Autoritarismo electoral / Eduardo Torres Alonso

Las elecciones no son un elemento exclusivo de los sistemas democráticos. Se pueden celebrar en regímenes que desprecian está forma de organizar el poder. Hay jornadas electorales para renovar autoridades locales y el poder Legislativo; incluso, para la Presidencia en esos países, aunque sus resultados se sepan desde antes, porque ahí, la incertidumbre electoral no existe. Ganadores y perdedores están predeterminados.

En las dictaduras y en los autoritarismos que aún encuentran beneficios, particularmente frente a la comunidad internacional, al organizar elecciones conviven instituciones de origen democrático y republicano con prácticas autoritarias, como la división de poderes públicos y la existencia de organismos especializados para hacer elecciones y resolver controversias, pero ninguna de ellas es, en términos reales, un contrapeso al poder, representado por el Presidente.

Lo que se vivió en Venezuela el domingo 28 de julio pasado es muestra de la existencia de autoritarismo electoral.
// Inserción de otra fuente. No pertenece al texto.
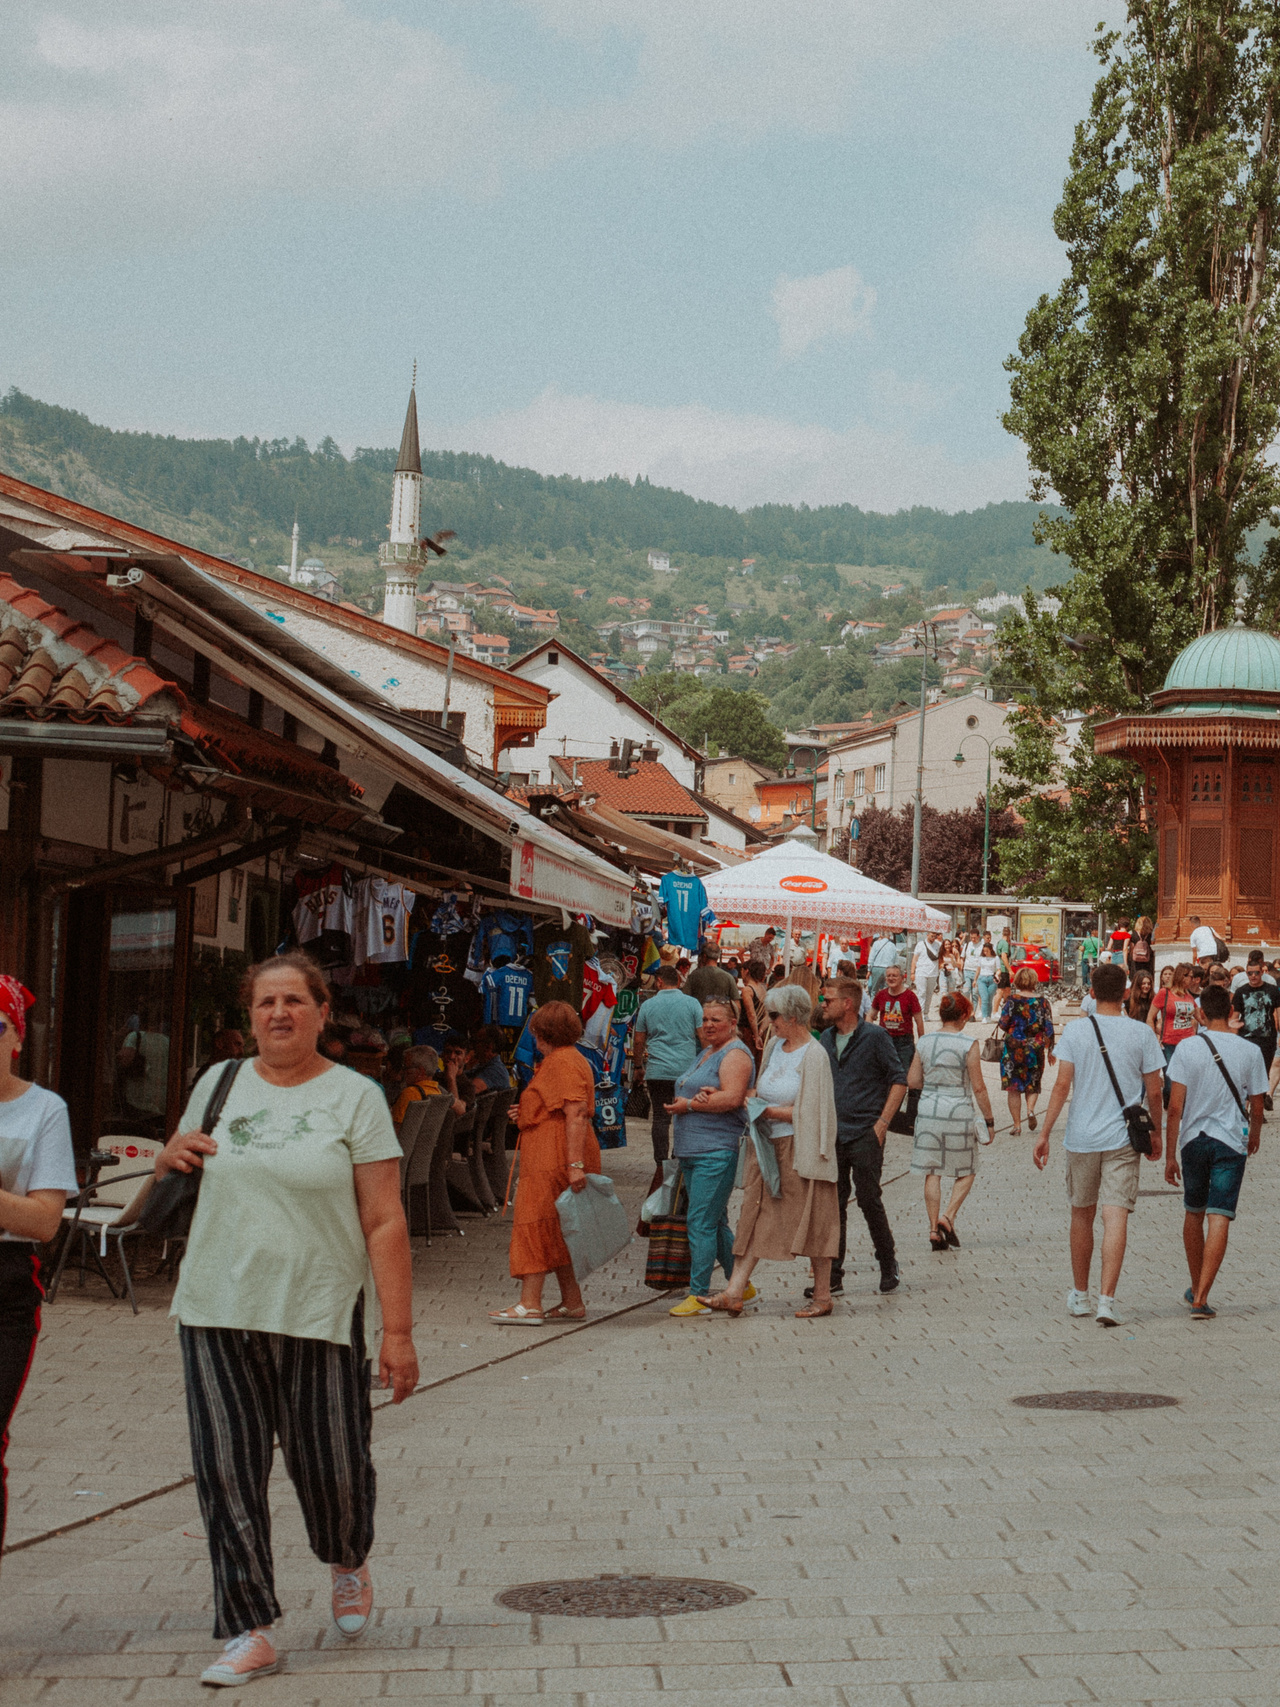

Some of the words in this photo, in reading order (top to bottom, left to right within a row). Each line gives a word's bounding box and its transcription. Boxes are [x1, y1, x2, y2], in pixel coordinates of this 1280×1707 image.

En los autoritarismos electorales, los gobernantes usan de manera patrimonial los recursos del Estado, excluyen a la oposición de los canales de comunicación y de las vías para su promoción, se persigue a los opositores, crean partidos para que compitan sin posibilidad alguna de ganar y dar la fachada de pluralidad y, en los casos más extremos, manipulan los resultados de los comicios. Todos estos elementos están presentes en aquel país.
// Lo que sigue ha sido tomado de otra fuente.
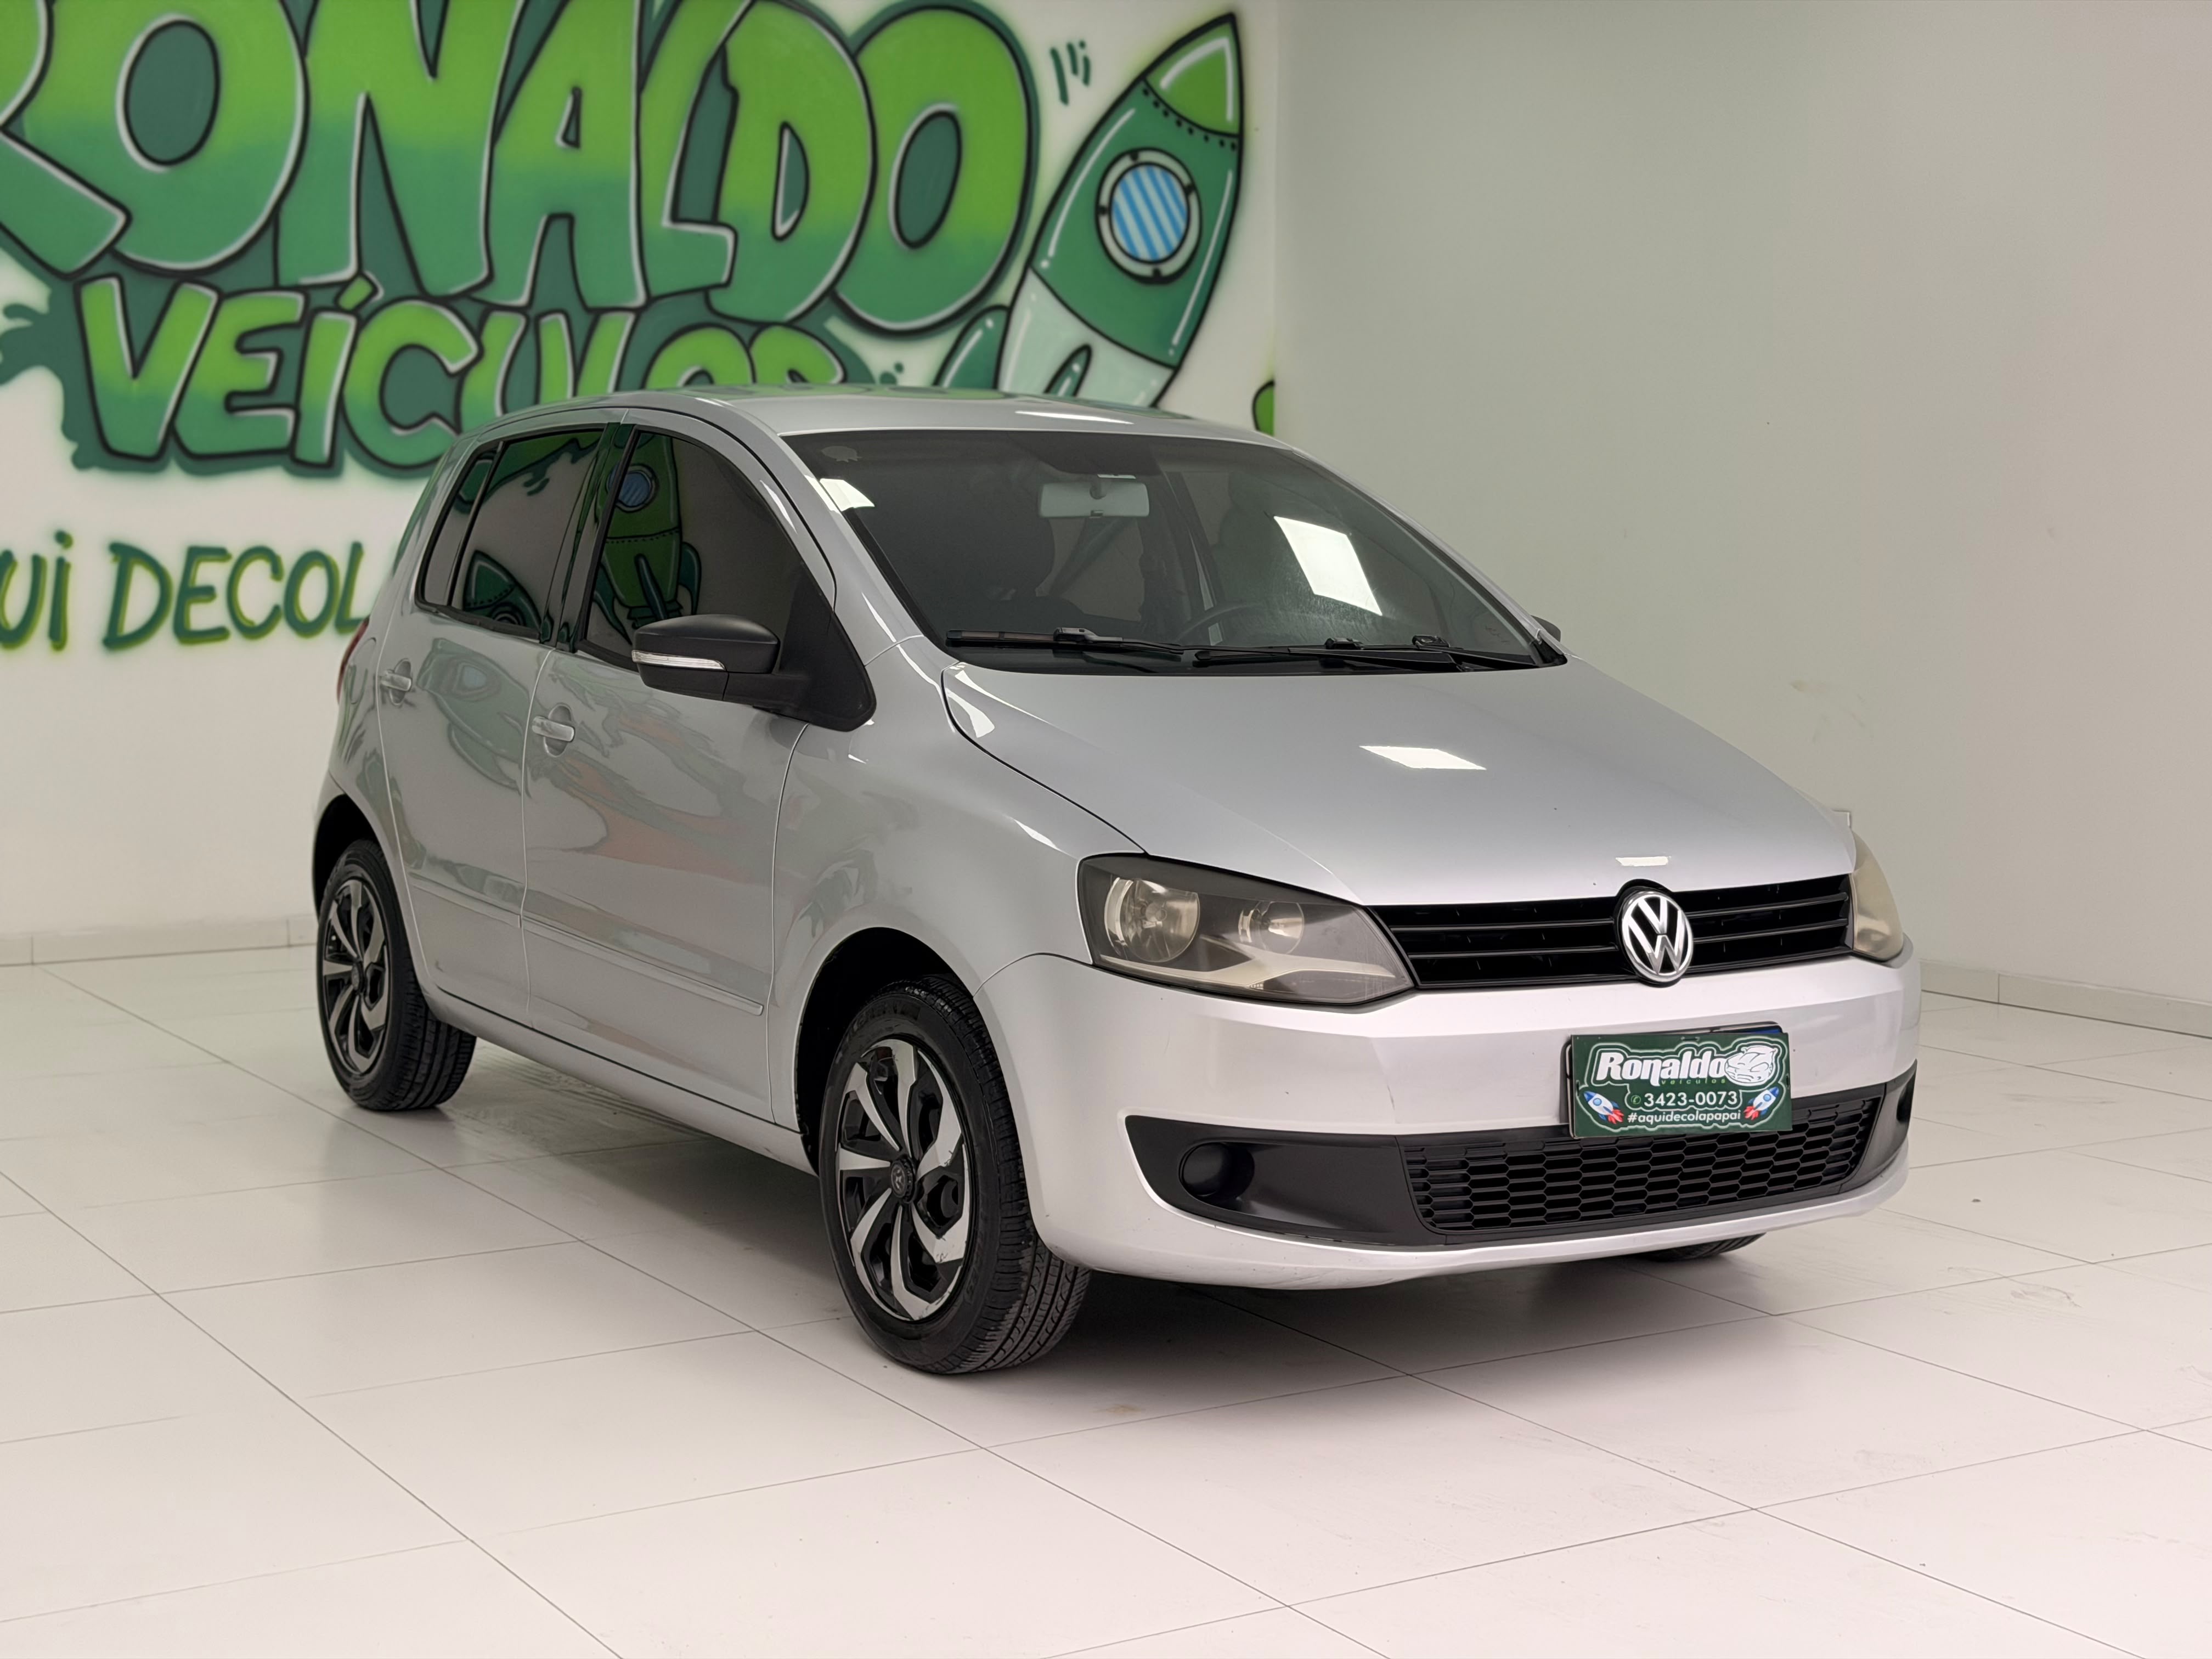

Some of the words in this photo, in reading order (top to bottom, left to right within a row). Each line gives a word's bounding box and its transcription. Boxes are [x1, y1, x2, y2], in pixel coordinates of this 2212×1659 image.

[1596, 1051, 1726, 1086] Ronaldo
[1644, 1091, 1737, 1107] 3423-0073
[1627, 1109, 1741, 1125] #aquidecolapapai
Las elecciones para renovar la Presidencia de la República Bolivariana de Venezuela se convirtieron en una posibilidad de concretar la alternancia. Edmundo González Urrutia y Nicolás Maduro, candidatos de oposición y oficialista (quien gobierna el país desde 2013, heredero del movimiento impulsado por Hugo Chávez), respectivamente, se enfrentaron en las urnas y los resultados son, por decir lo menos, inciertos. Hubo que imponerse a los opositores, a los “enemigos”. Se trataba de salvar la revolución bolivariana.

Más allá de estar en favor de una ideología u otra, el domingo se esfumó, al menos por ahora, la oportunidad para iniciar la reconstrucción de un régimen democrático prácticamente inexistente y entablar un diálogo entre todos los actores políticos. La alternancia partidista y la eventual transición política permitirían arreglos entre la clase gobernante saliente y entrante, pero nada de eso será posible.
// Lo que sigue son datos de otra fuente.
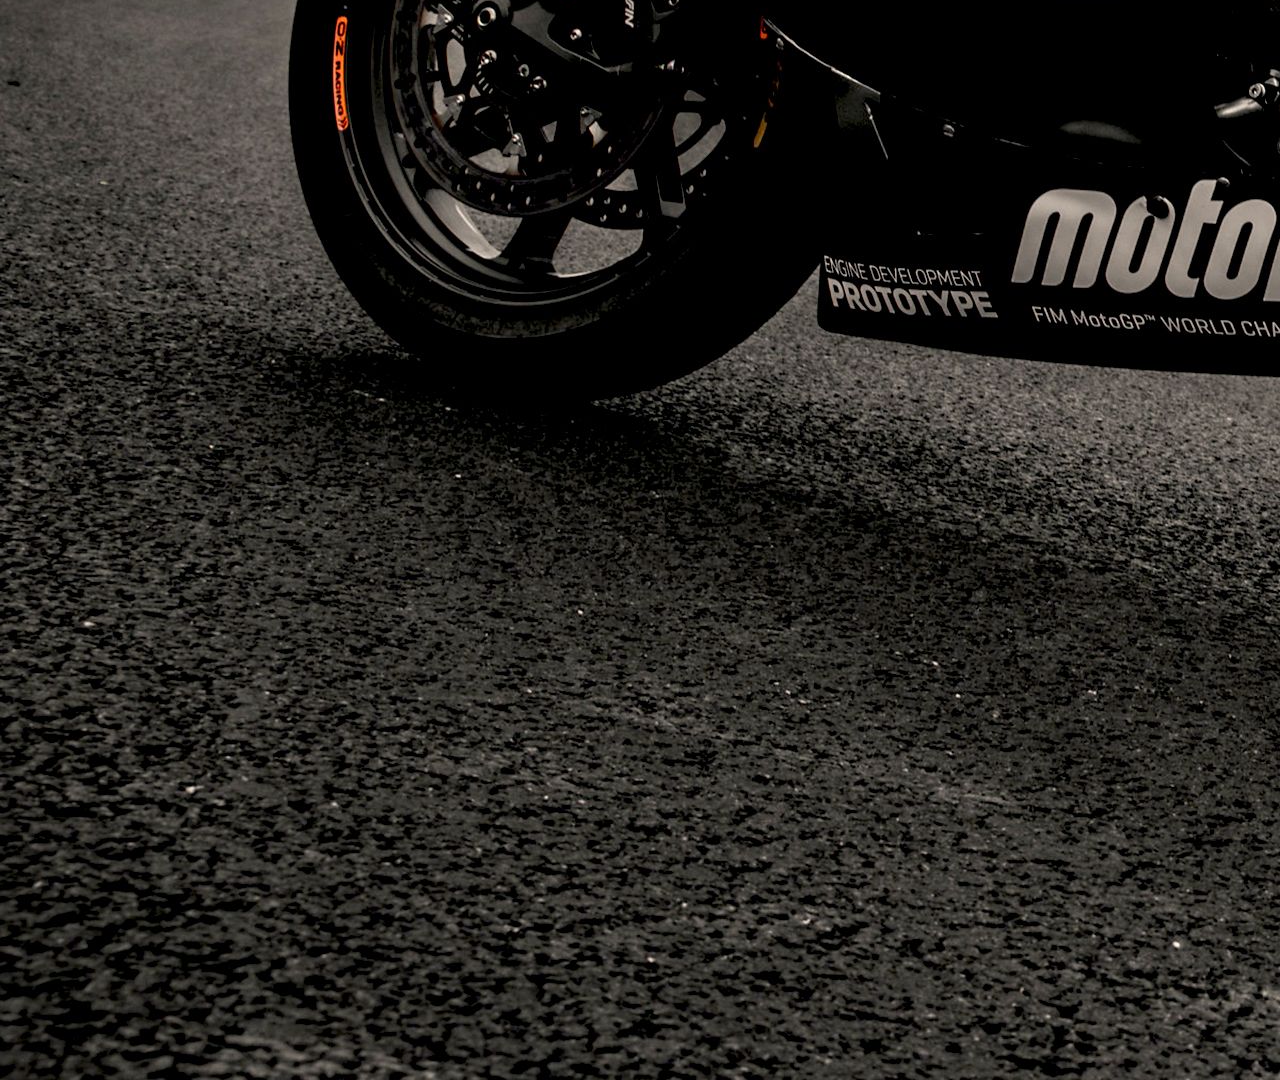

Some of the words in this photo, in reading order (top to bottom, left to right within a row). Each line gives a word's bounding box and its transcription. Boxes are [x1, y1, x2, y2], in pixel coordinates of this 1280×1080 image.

[335, 61, 344, 115] RACING
[823, 255, 868, 281] ENGINE
[869, 264, 983, 288] DEVELOPMENT
[827, 277, 999, 319] PROTOTYPE
[1031, 306, 1068, 325] FIM
[1160, 316, 1237, 336] WORLD
La elección fue un instrumento que usó el régimen para ser aclamado (aunque obtuvo, de acuerdo con cifras de la autoridad electoral, imposibles de confirmar, el 51 por ciento de los votos), volviéndola un instrumento suyo. Nicolás Maduro conspiró contra la democracia de su país al no reconocer la pluralidad venezolana, ser intolerante a la crítica y conculcar de facto los derechos civiles. Desde el poder corrompió el sistema electoral y de partidos. Triunfó con base en un estricto control de la elección. Así lo han denunciado organizados especializados, expertos internacionales y distintos países, y el gobierno venezolano ha reaccionado con el uso de la fuerza hacia su interior y enfrentándose con los gobiernos que lo cuestionan. Ya fueron expulsados diplomáticos de Argentina, Chile, Costa Rica, Perú, Panamá, República Dominicana y Uruguay por órdenes de Maduro.

Pero si algo quedó demostrado es la capacidad de movilización de la ciudadanía y su enojo con el modelo político imperante. No existe un apoyo unánime al régimen como se ha difundido. A pesar del desolador panorama, la muestra palpable de descontento ciudadano acelerará el cambio de régimen. Aunque eso, tomará tiempo. A diferencia de lo que pasó en la elección: el resultado de las movilizaciones no está escrito.

Dos son las lecciones de lo ocurrido en Venezuela: 1. Las dictaduras ya no son militares, ahora son impulsadas y apoyadas por civiles que, habiendo llegado al poder por la vía democrática, estando en funciones cooptan las instituciones y destruyen los mecanismos de la democracia electoral, y 2. La importancia de contar con instituciones electorales autónomas, y poderes públicos reales que puedan expresar sus diferencias con el gobernante y, de ser el caso, convertirse en un muro ante los apetitos autoritarios del gobernante.